Q: When should I contact Seniors Rights Victoria (SRV) or the Office of the Public Advocate (OPA)?
Contact SRV if your client is able to communicate their instructions to a solicitor, or would like further consultation.
Contact OPA if your client has a cognitive impairment and is unable to communicate their instructions to a solicitor.
Q: When do I contact the police?
Contact the police on 000 if the person is in immediate danger. Police can also do a welfare check on the older person and insist on speaking to them without the carer present.
Police may take out an Intervention Order on behalf of the older person for their protection and safety from further violence.
Q: What are my ‘duty of care’ obligations?
Workers owe a ‘duty of care’ to their clients. Founded in the law of negligence, ‘duty of care’ is based on ’reasonableness’.
Essentially, workers are required to conduct themselves in a manner that is considered reasonable for someone in their position. ‘Reasonable’ may be thought of as that which is:
- Right, or
- Within reason.
All workers are expected to show the skill and proficiency of a competent worker in every situation. If a worker’s conduct falls below the required ‘reasonable’ standard and results in foreseeable harm to an older person, they can be sued for negligence.
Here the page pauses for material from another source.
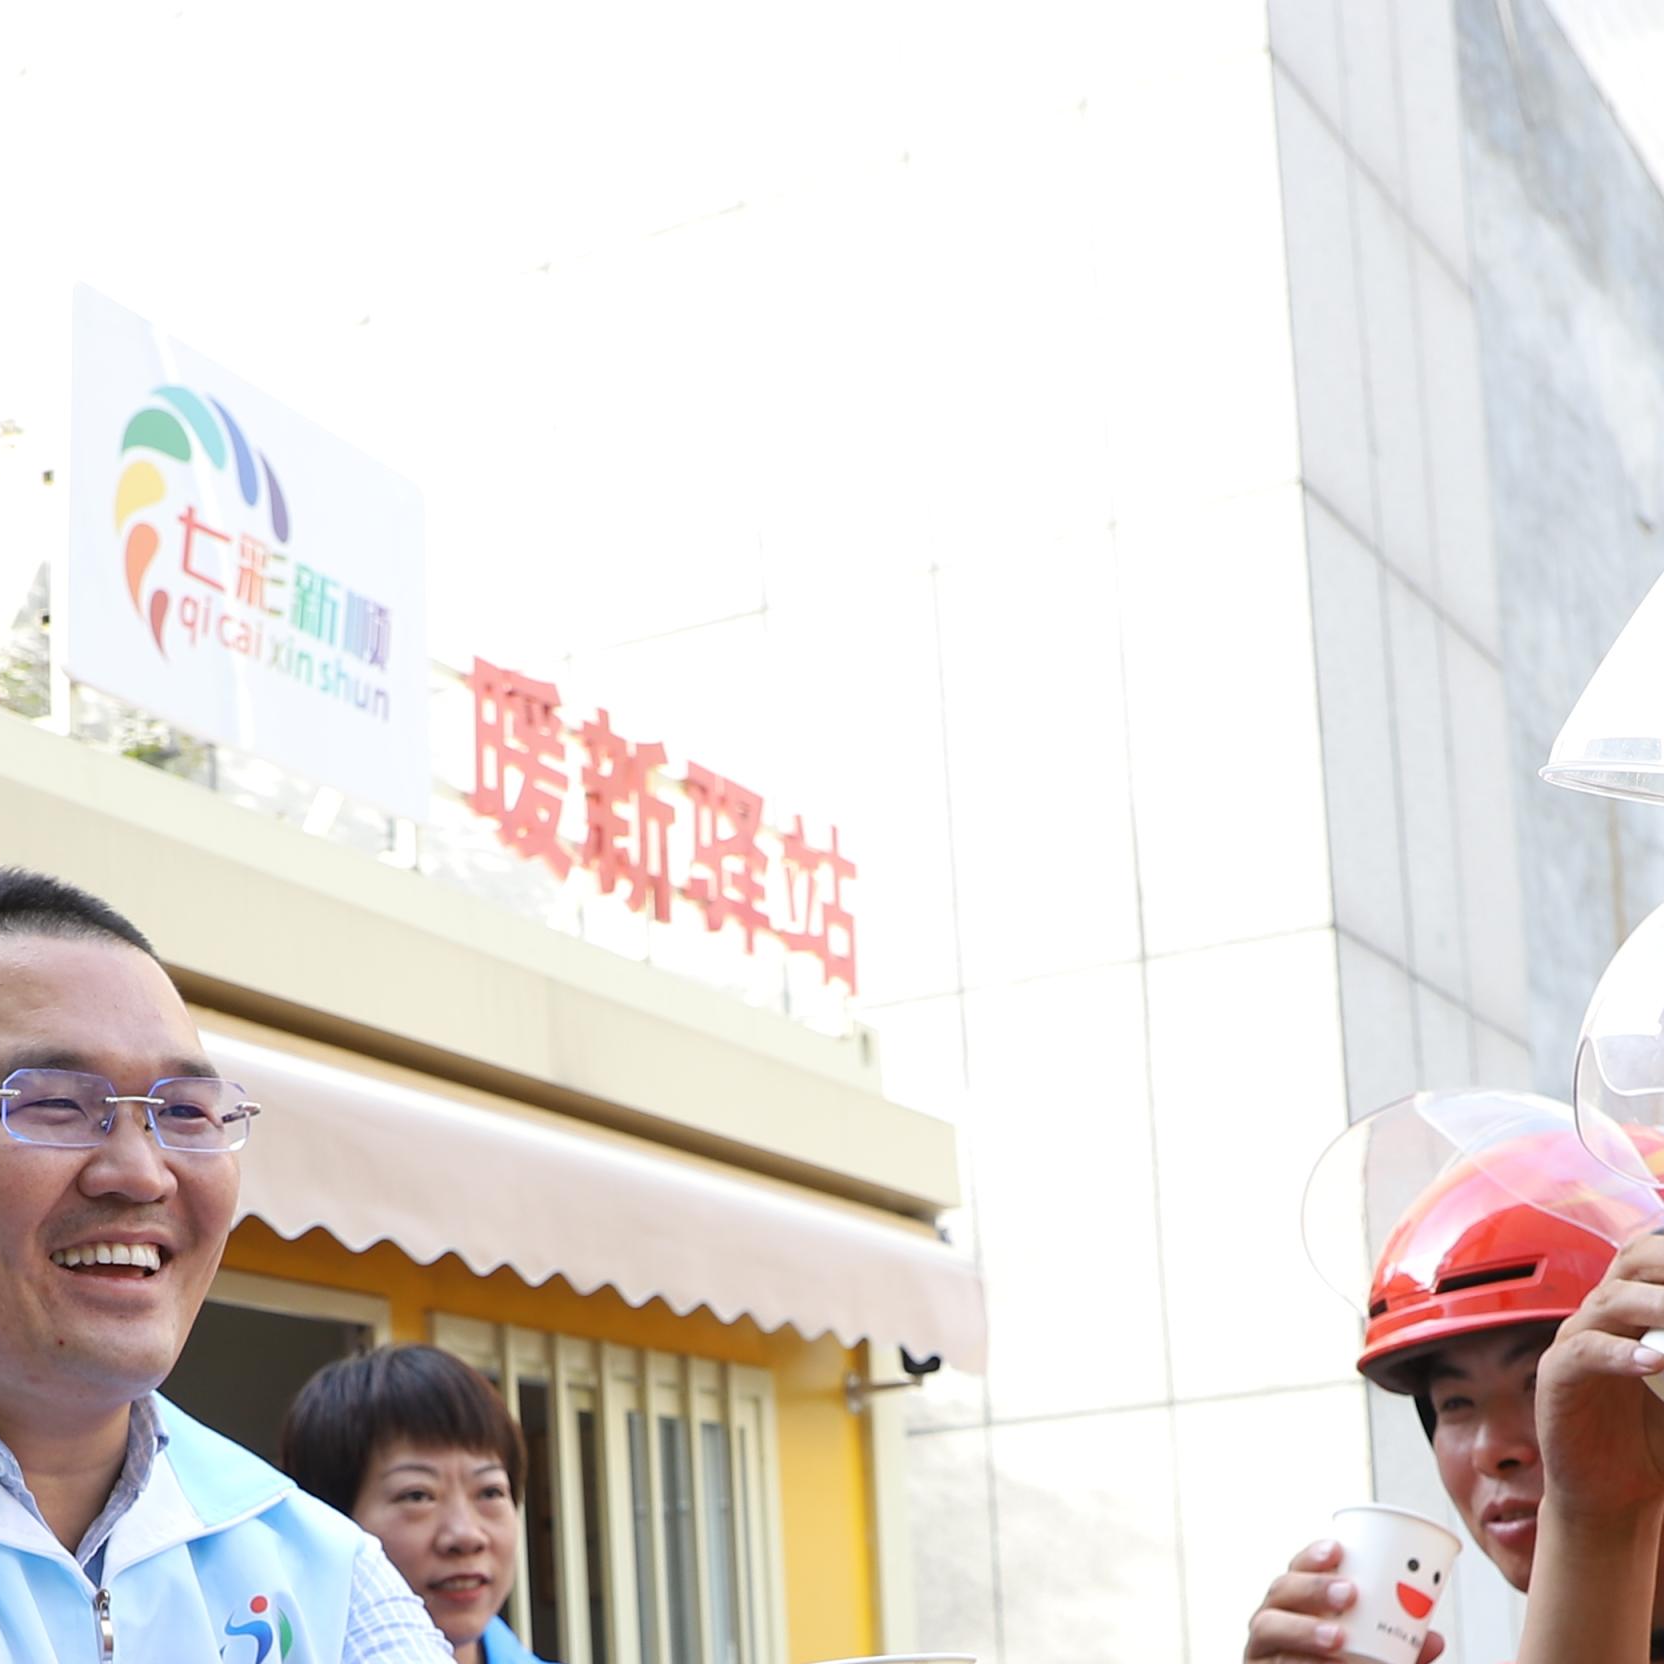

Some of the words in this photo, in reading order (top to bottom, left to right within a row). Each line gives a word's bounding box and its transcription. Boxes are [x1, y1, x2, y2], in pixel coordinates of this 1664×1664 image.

[177, 504, 392, 673] 七彩新顺
[472, 656, 857, 996] 暖新驿站
Breaches of duty of care could include:
- Becoming aware of an abusive situation and not acting
- Not seeking advice from your supervisor
- Not referring the matter to someone able to deal with the issue
Q: How do you balance self determination vs. the need to protect the older person?
There are a number of ethical and practical issues to consider. The law assumes, for example, that adults are able to make their own choices.
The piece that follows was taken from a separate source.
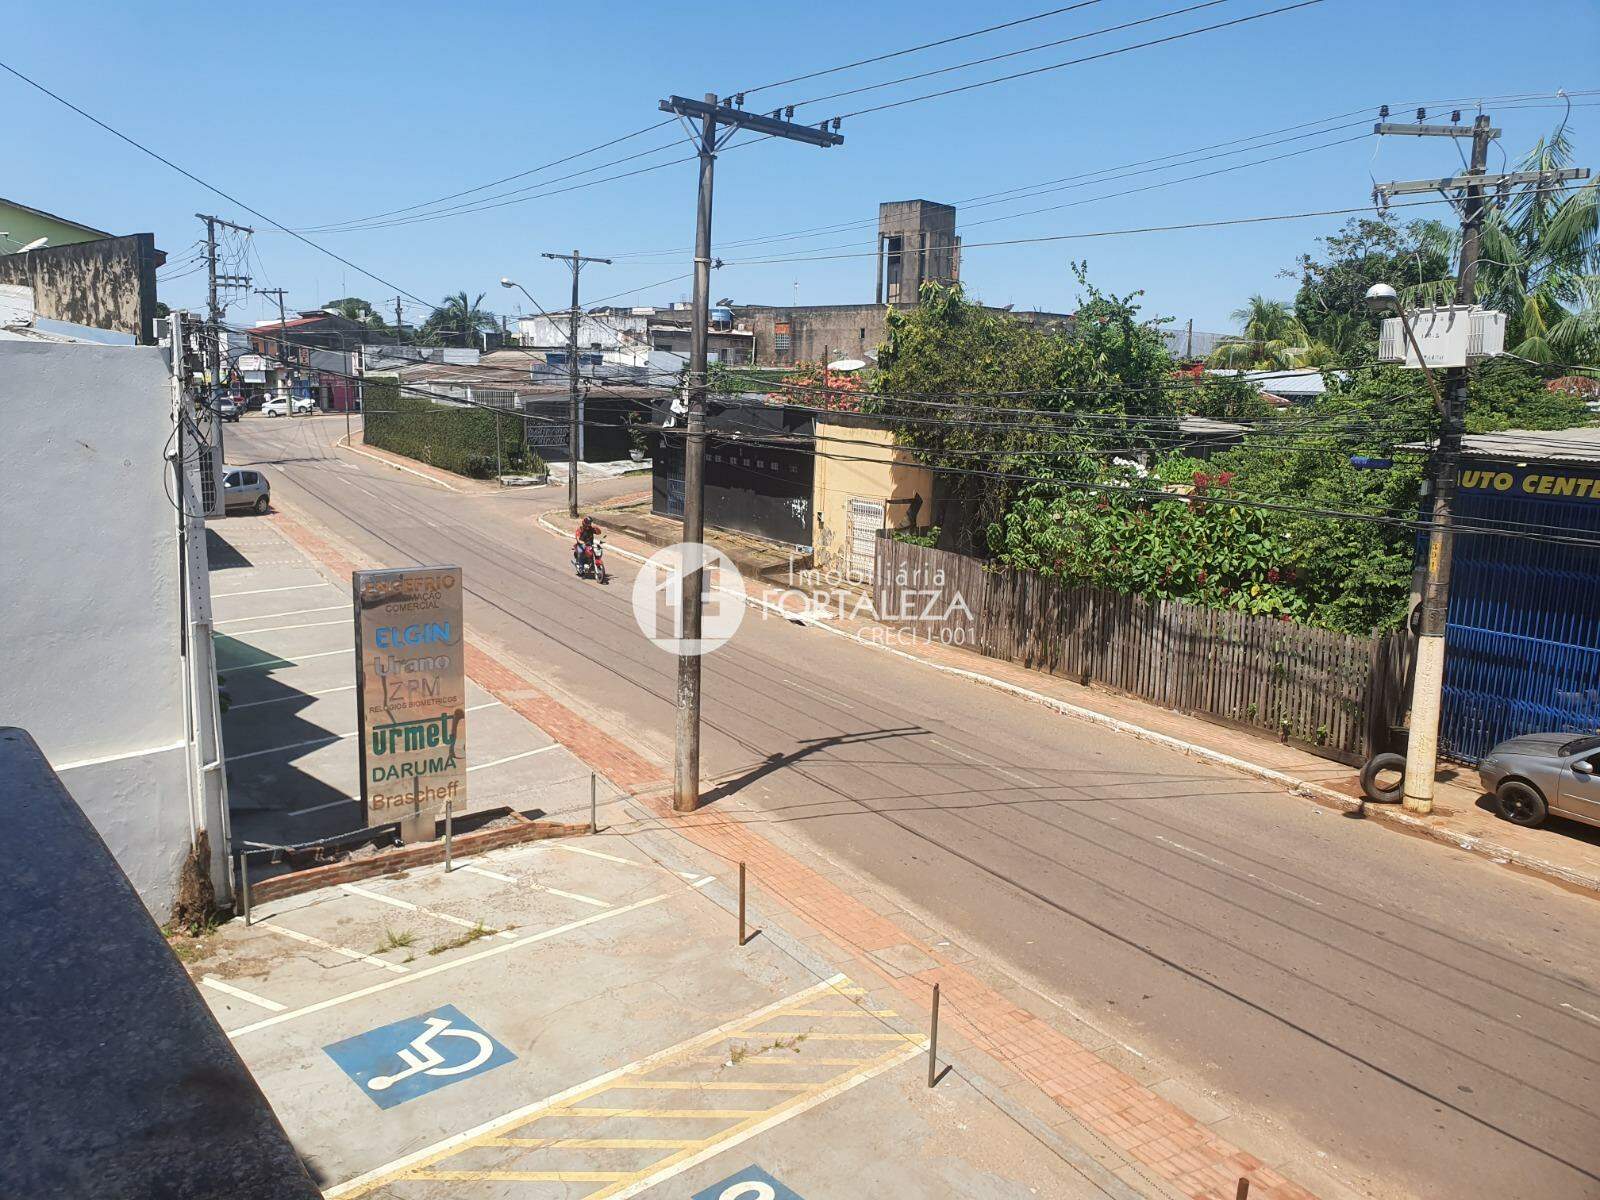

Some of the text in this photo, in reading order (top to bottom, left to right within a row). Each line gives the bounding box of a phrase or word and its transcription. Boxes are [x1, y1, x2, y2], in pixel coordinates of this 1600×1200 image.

This is an important issue for workers who must ensure that the older person is in control of any attempt to stop the abuse. This means the older person should make the final decision and provide consent to implement strategies to stop the abuse.
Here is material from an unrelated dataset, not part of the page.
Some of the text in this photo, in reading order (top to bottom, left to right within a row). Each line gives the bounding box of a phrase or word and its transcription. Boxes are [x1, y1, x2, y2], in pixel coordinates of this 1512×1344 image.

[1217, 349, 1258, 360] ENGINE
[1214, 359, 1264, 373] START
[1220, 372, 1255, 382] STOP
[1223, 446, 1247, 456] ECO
Strategies utilised to address the abuse should follow as closely as possible to the known wishes of the older person.
Go through these questions with your supervisor — or get independent advice — to help you determine the appropriate response to abuse, especially about whether or not the older person can make their decisions.
- Do I have reasons to think that the older person is unable to make their own decisions and understand the consequences?
- Do I think this because the older person is making the decision that I don’t personally agree with?
- What can I do to ensure that this older person has enough information to make an informed decision?
- Will the older person be able to understand the information?
- What role can I play in assisting the older person to understand and use the information?
If you think the older person is unable to make decision on their own behalf, consult your supervisor and OPA.
Q: When should I act on suspicion of abuse? What should I do?
All suspicions of abuse need to be acted upon. This involves directly asking the older person. A worker has a duty of care to follow up any suspicions or indicators of abuse.
Q: What are the legal implications if I don’t act on suspected abuse or actual abuse?
You have a duty of care to act on suspected or actual abuse.
Q: When is elder abuse a crime in Victoria?
Elder abuse is family violence and is a crime in Victoria.
Q: What if the older person has capacity but denies abuse is happening despite showing signs?
A worker must respect the decision of an older person with capacity who chooses to stay in an abusive situation.
In this situation, a worker provides ongoing support and safety planning, and may be able to refer the person to a domestic violence outreach service.
Q: What if I am concerned that the client’s capacity has deteriorated?
Discuss this with the person’s GP, the Aged Care Assessment Service (ACAS), or contact a private neuropsychologist.
Q: How can I protect myself when dealing with abusive situations and threats from the family or perpetrator?
Form a buddy system with fellow workers and have regular meetings/coffees for support.
Discuss your workplace safety with your supervisor and devise strategies to improve your safety. This may include avoiding the front desk at work, arranging to be escorted to your car, providing VCAT evidence by video or online, or attending VCAT hearings with a colleague and informing security staff of the risk.
Q: How do I apply to VCAT?
Visit the VCAT website for further information about applying for a VCAT hearing.
Q: How do you appeal a VCAT decision?
Guardianship orders are reviewed yearly and administration orders are reviewed every three years. A person can apply for a reassessment at any time.
A person can apply for an application to be reheard, but they must apply within 28 days of the original hearing.
VCAT decisions can be appealed by applying to the Supreme Court. People who wish to appeal will need legal advice. The case is heard by a Supreme Court judge, at VCAT.
A solicitor from the Office of the Public Advocate is on site at VCAT to provide advice to applicants.
Q: How can you ‘let go’ when you have had a serious case?
Seek outside supervision, establish a buddy system of co-workers for support , home visits and VCAT hearings.